On those long voyages there was much time to fill and a book was a great treasure. One day, John Newton discovered a book in a sea chest written by Thomas a Kempis. John's mother had died when he was six years old. She was a devout Christian and she used those six years to plan some seeds of faith. One day a mighty storm at sea struck terror into the hearts of all on his ship and John Newton was shaken to the depths of his being. Miraculously the boat survived the storm and miraculously John Newton began to think about his need for God. He wrote of this turning point experience this way: "I can see no reason why God singled me out for mercy, unless it was to show, by one astonishing instance, that with God nothing is impossible."
It was John Wesley's 1774 pamphlet condemning the slave trade as an abomination in the sight of God that awakened Newton to its moral wrongness. Newton could not wipe from his memory the wretched human stench on board his slave ship and he knew he was the cause of that wretchedness. So the words of Amazing Grace came right out of Newton's life experience and he wrote it in 1779.
AMAZING GRACE, HOW SWEET THE SOUND
THAT SAVED A WRETCH LIKE ME!
I ONCE WAS LOST BUT NOW AM FOUND
WAS BLIND, BUT NOW I SEE.
From that moment on John Newton testified before the British Parliament out of his own experience how terribly the slaves were treated. In 1807 the slave trade in the British Empire was abolished... nine months later he died.
This grace comes to us right in the very midst of life, especially in that part of life that Tennyson describes: "Never morning wore to evening, but some heart did break."
Heartbreak comes to those who are living with terminal diseases; HEARTBREAK comes to those who get caught in messed up family problems; HEARTBREAK comes to those who are caught in circumstances which they did not cause or even in circumstances for which they are responsible.
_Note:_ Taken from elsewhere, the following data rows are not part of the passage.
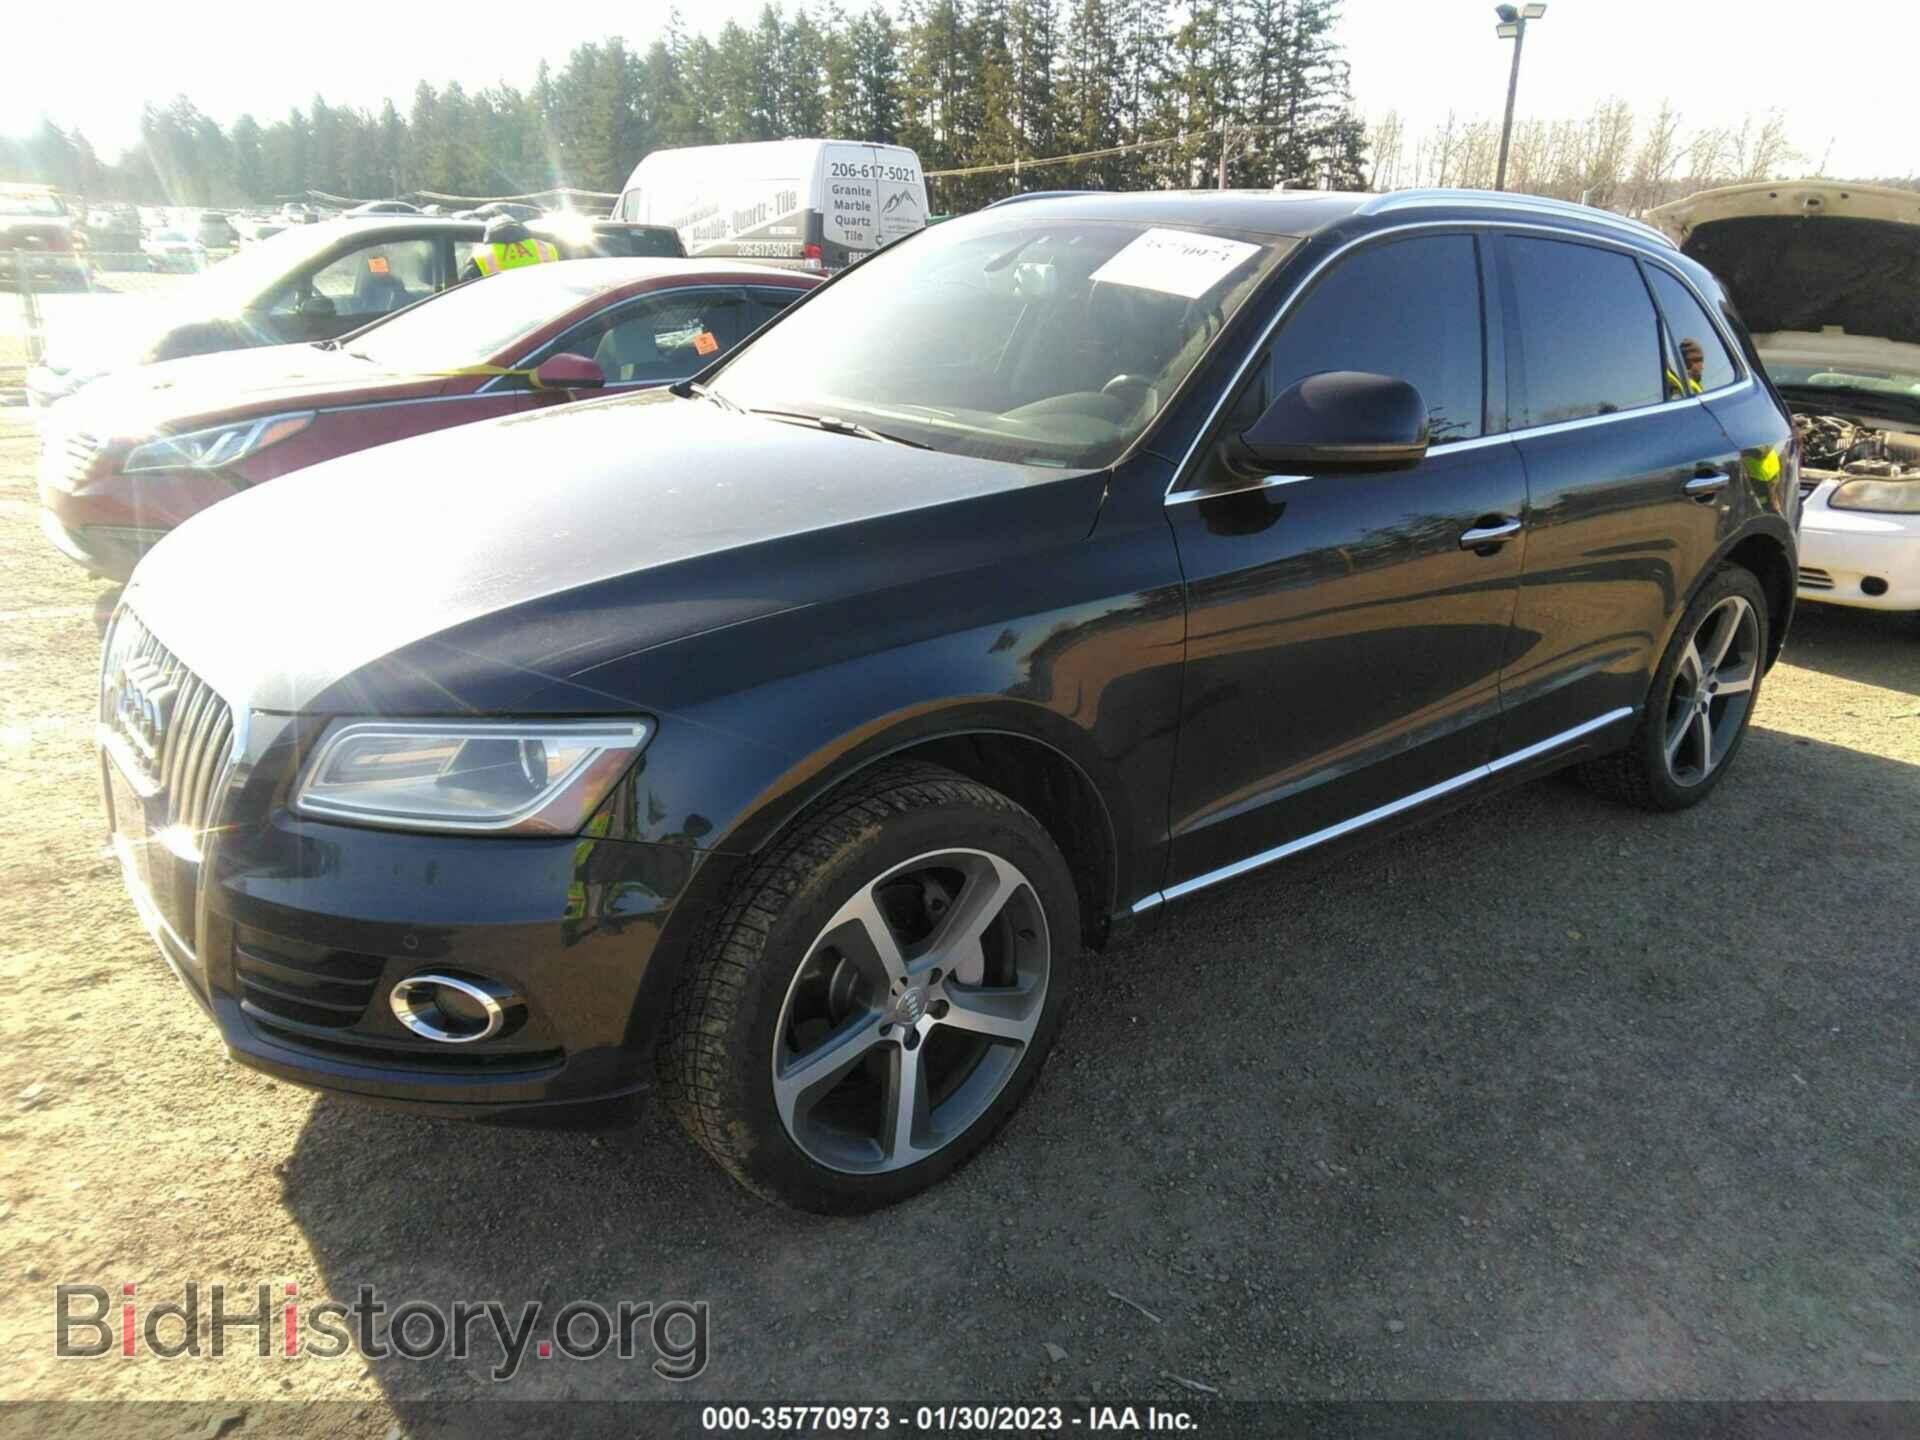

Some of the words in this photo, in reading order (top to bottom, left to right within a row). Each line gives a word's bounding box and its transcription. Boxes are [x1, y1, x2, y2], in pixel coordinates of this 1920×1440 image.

[831, 163, 915, 182] 206-617-5021
[832, 184, 872, 197] Granite
[774, 189, 797, 216] Tile
[834, 200, 871, 211] Marble
[835, 215, 871, 227] Quartz
[844, 230, 863, 240] Tile
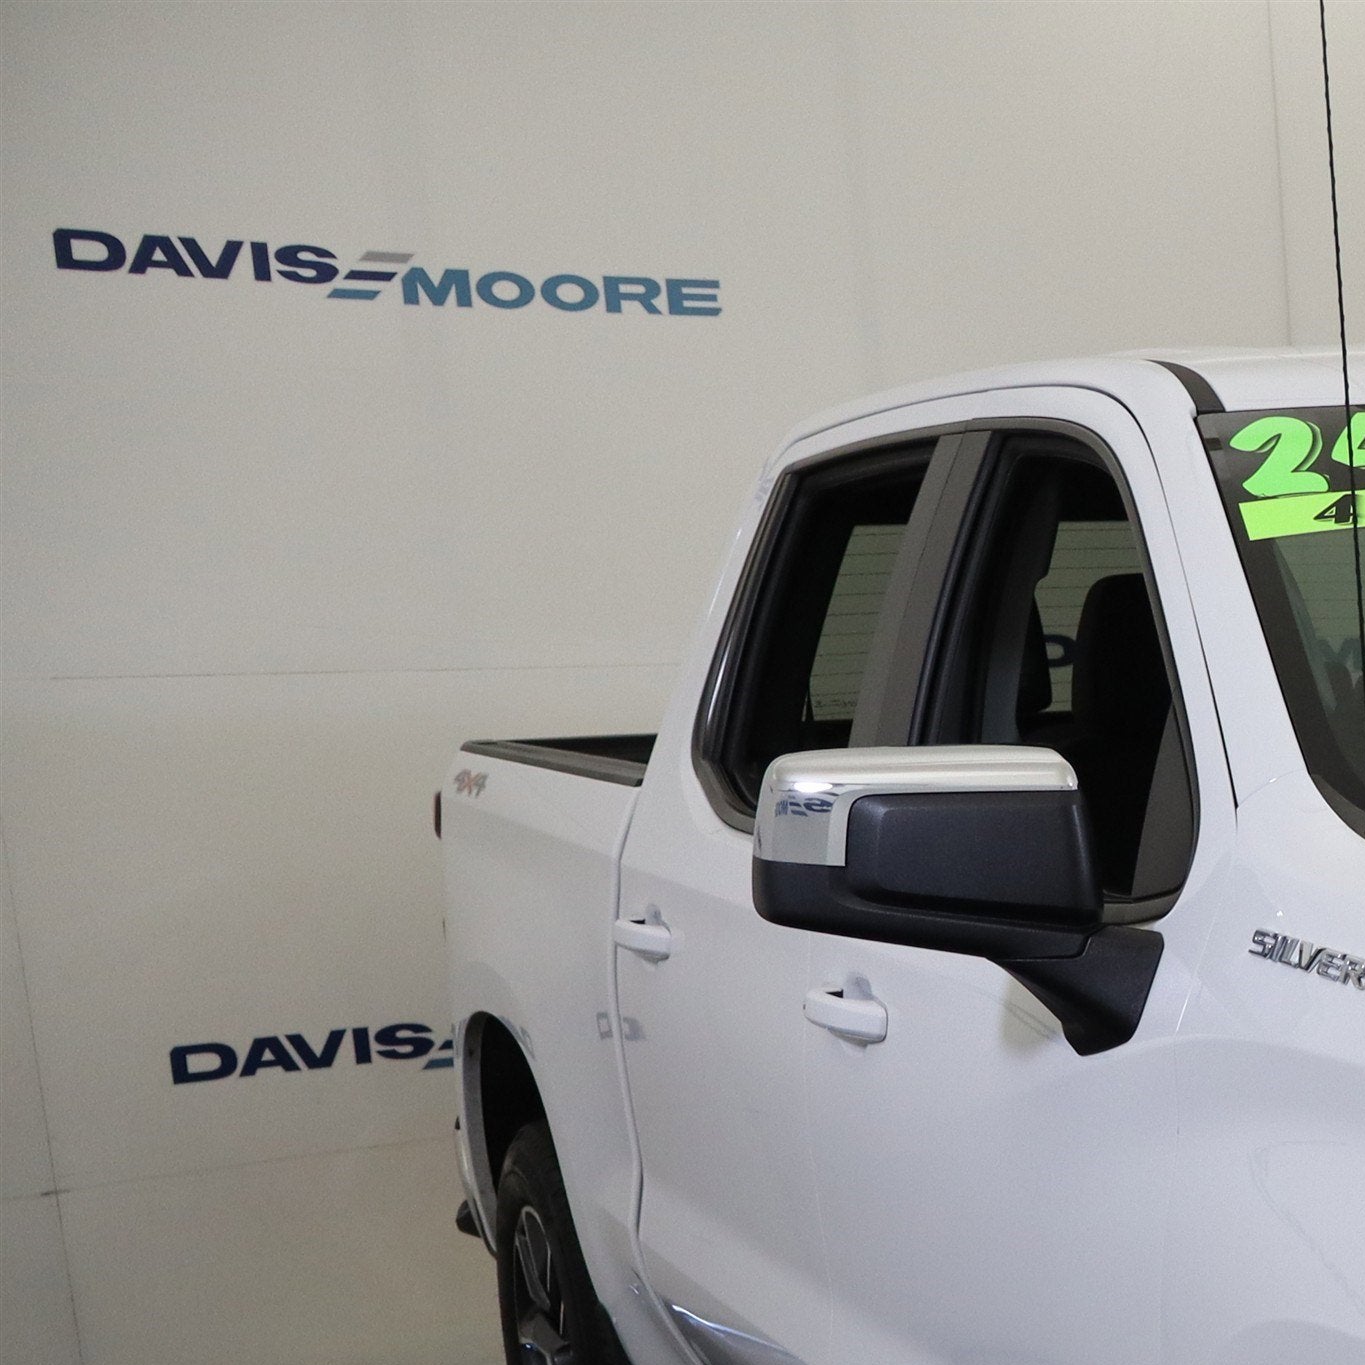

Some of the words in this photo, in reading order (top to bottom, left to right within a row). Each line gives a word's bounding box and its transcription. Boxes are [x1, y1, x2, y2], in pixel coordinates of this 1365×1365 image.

Years ago I was told of a visit Archer Wallace made to a Canadian city to see an older woman who was in a home for what was called "the incurables." He found her in a rather bare room and suggested that they go out on the verandah for their visit. "I have never been out on the verandah," she said; "I have a spinal condition which prevents me from being moved from this bed."
This seemed a cruel condition to Mr. Wallace and he asked her how long she had been there. "Twenty-six years" she answered. He thought of twenty- six years and of all that had happened in his life over the past twenty-six years. "Do you mean to tell me that you have never been out of this room in twenty-six years?" She replied, "I have never been over the threshold since I was brought here twenty-six years ago!" Then that woman said something I shall never want to forget!
She said, "It only comes one day at a time and God is so good." Wallace thought to himself twenty-six years of almost continual suffering and yet she found strength for the days because she met them one at a time. Then he said, "If I ever saw clear evidence of God's grace at work, it was with this dear woman!"
To live by God's grace means that we learn to take nothing for granted, but to take whatever comes with profound gratitude to God knowing that God will be with us to inspire us and to empower us... no matter what comes, and no matter what happens.